Transcribe the entries below without changing a word, and omit every picture.

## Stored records
---------------
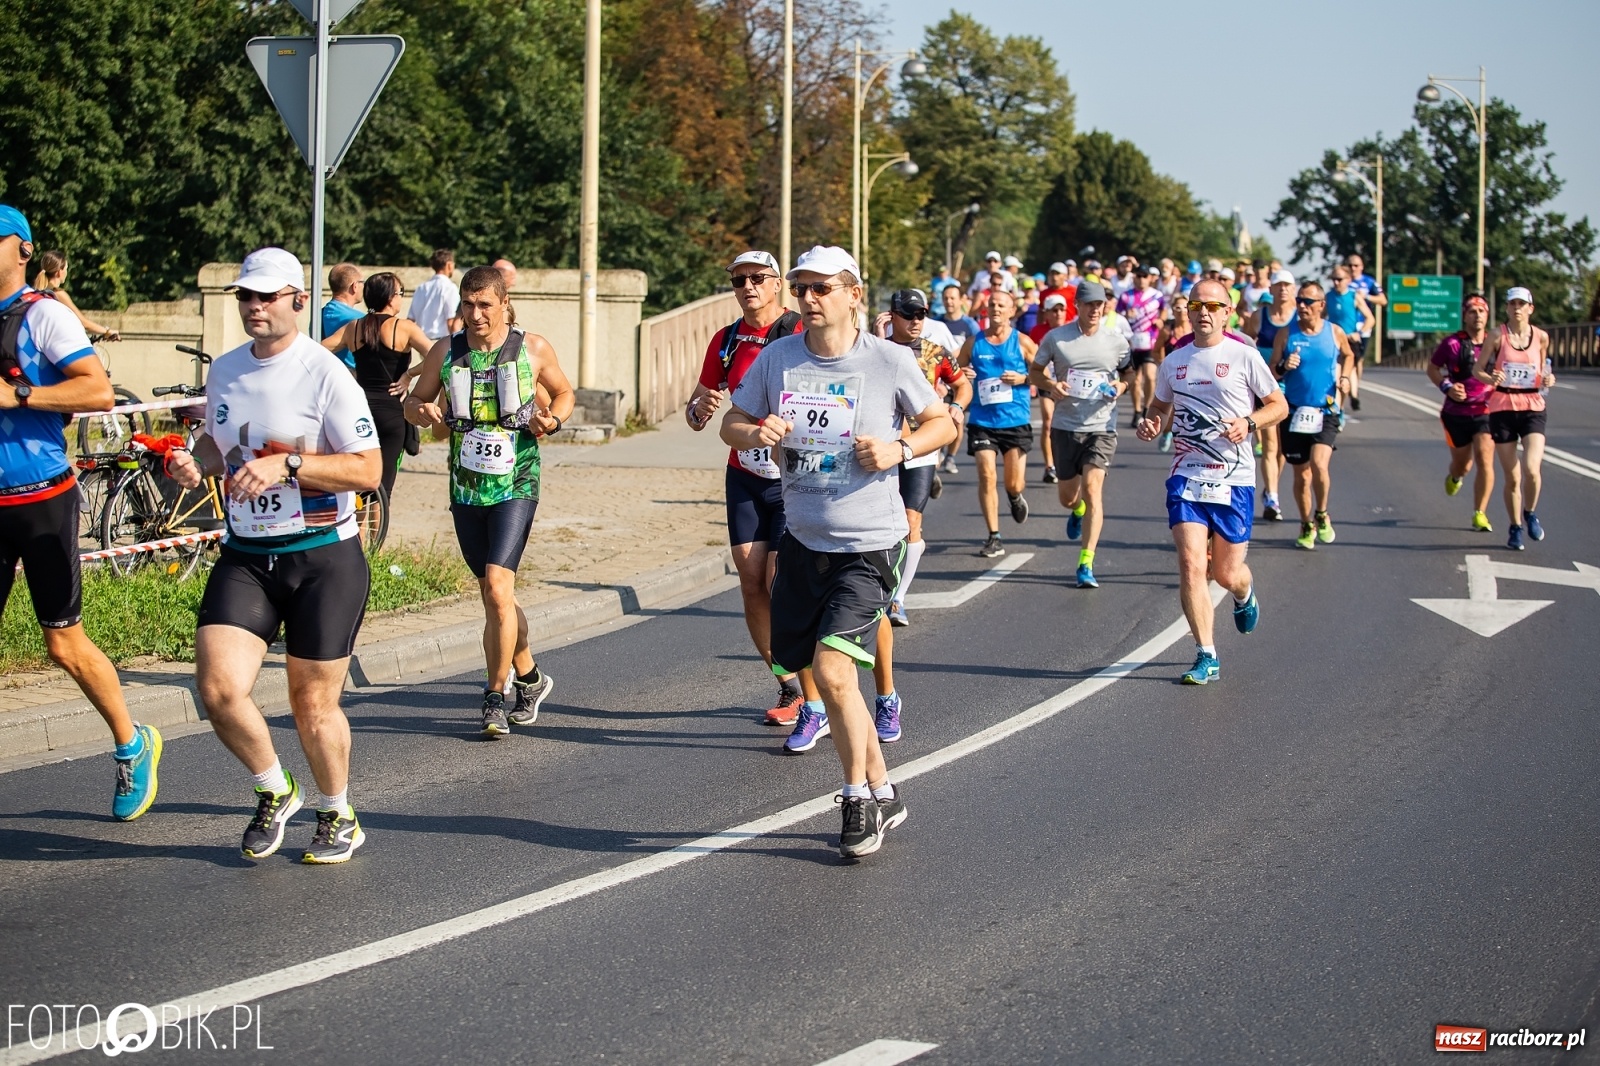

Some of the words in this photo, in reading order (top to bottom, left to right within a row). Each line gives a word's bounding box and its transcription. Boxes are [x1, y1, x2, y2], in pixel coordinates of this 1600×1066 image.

[1512, 370, 1528, 379] 372
[1082, 379, 1093, 388] 15
[990, 385, 1000, 393] 87
[807, 409, 829, 428] 96
[1300, 413, 1314, 423] 341
[356, 424, 373, 434] EPK
[475, 442, 502, 458] 358
[249, 493, 282, 514] 195
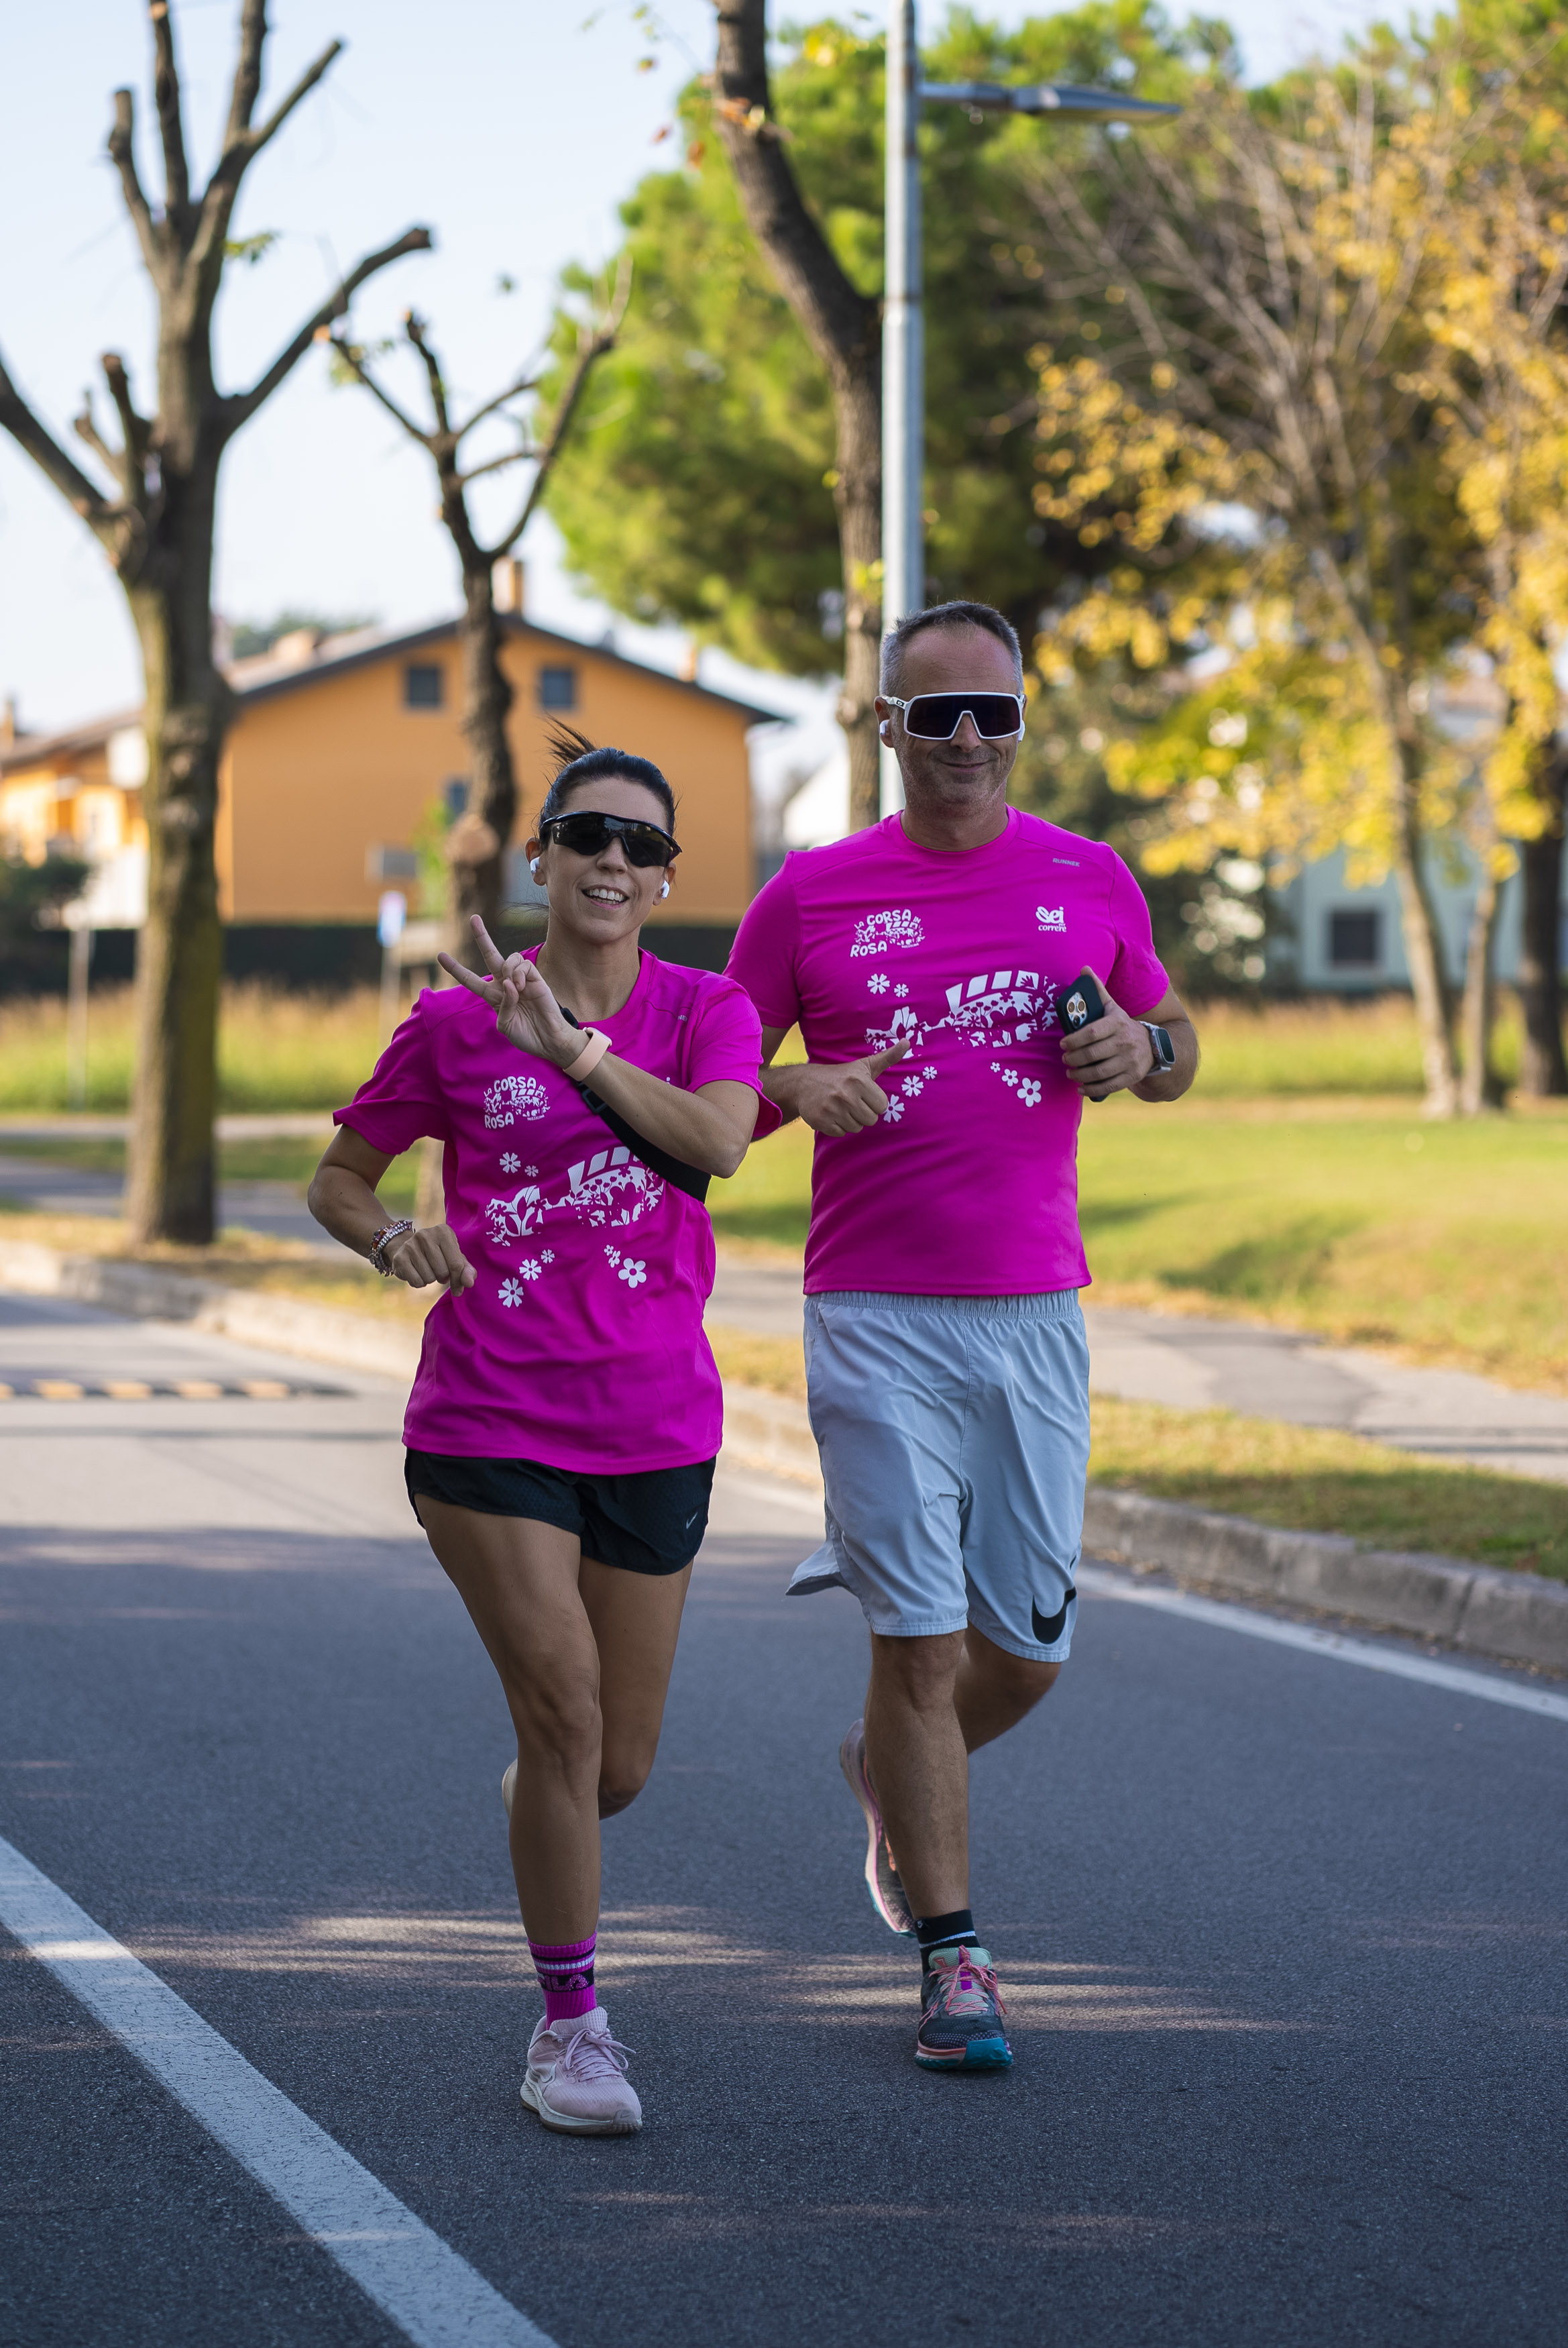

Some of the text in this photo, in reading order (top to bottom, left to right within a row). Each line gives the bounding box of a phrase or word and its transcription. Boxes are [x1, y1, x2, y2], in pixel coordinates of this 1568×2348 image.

[854, 909, 921, 929] LA CORSA IN
[850, 940, 887, 957] ROSA
[484, 1076, 546, 1097] LA CORSA IN
[484, 1112, 514, 1129] ROSA
---------------
## OUTPUT OF THE TASK
Some of the words in this photo, in reading order (top to bottom, left to right within a row). Each line gives a word's bounding box and its transcription. Boxes are [x1, y1, x2, y2], in pixel coordinates of this 1600×1066 image.

[1512, 370, 1528, 379] 372
[1082, 379, 1093, 388] 15
[990, 385, 1000, 393] 87
[807, 409, 829, 428] 96
[1300, 413, 1314, 423] 341
[356, 424, 373, 434] EPK
[475, 442, 502, 458] 358
[249, 493, 282, 514] 195

Some of the text in this photo, in reading order (top to bottom, left to right within a row). Each line gives the bounding box of a phrase or word and its transcription. Boxes are [x1, y1, x2, y2], in pixel coordinates of this 1568×2348 image.

[854, 909, 921, 929] LA CORSA IN
[850, 940, 887, 957] ROSA
[484, 1076, 546, 1097] LA CORSA IN
[484, 1112, 514, 1129] ROSA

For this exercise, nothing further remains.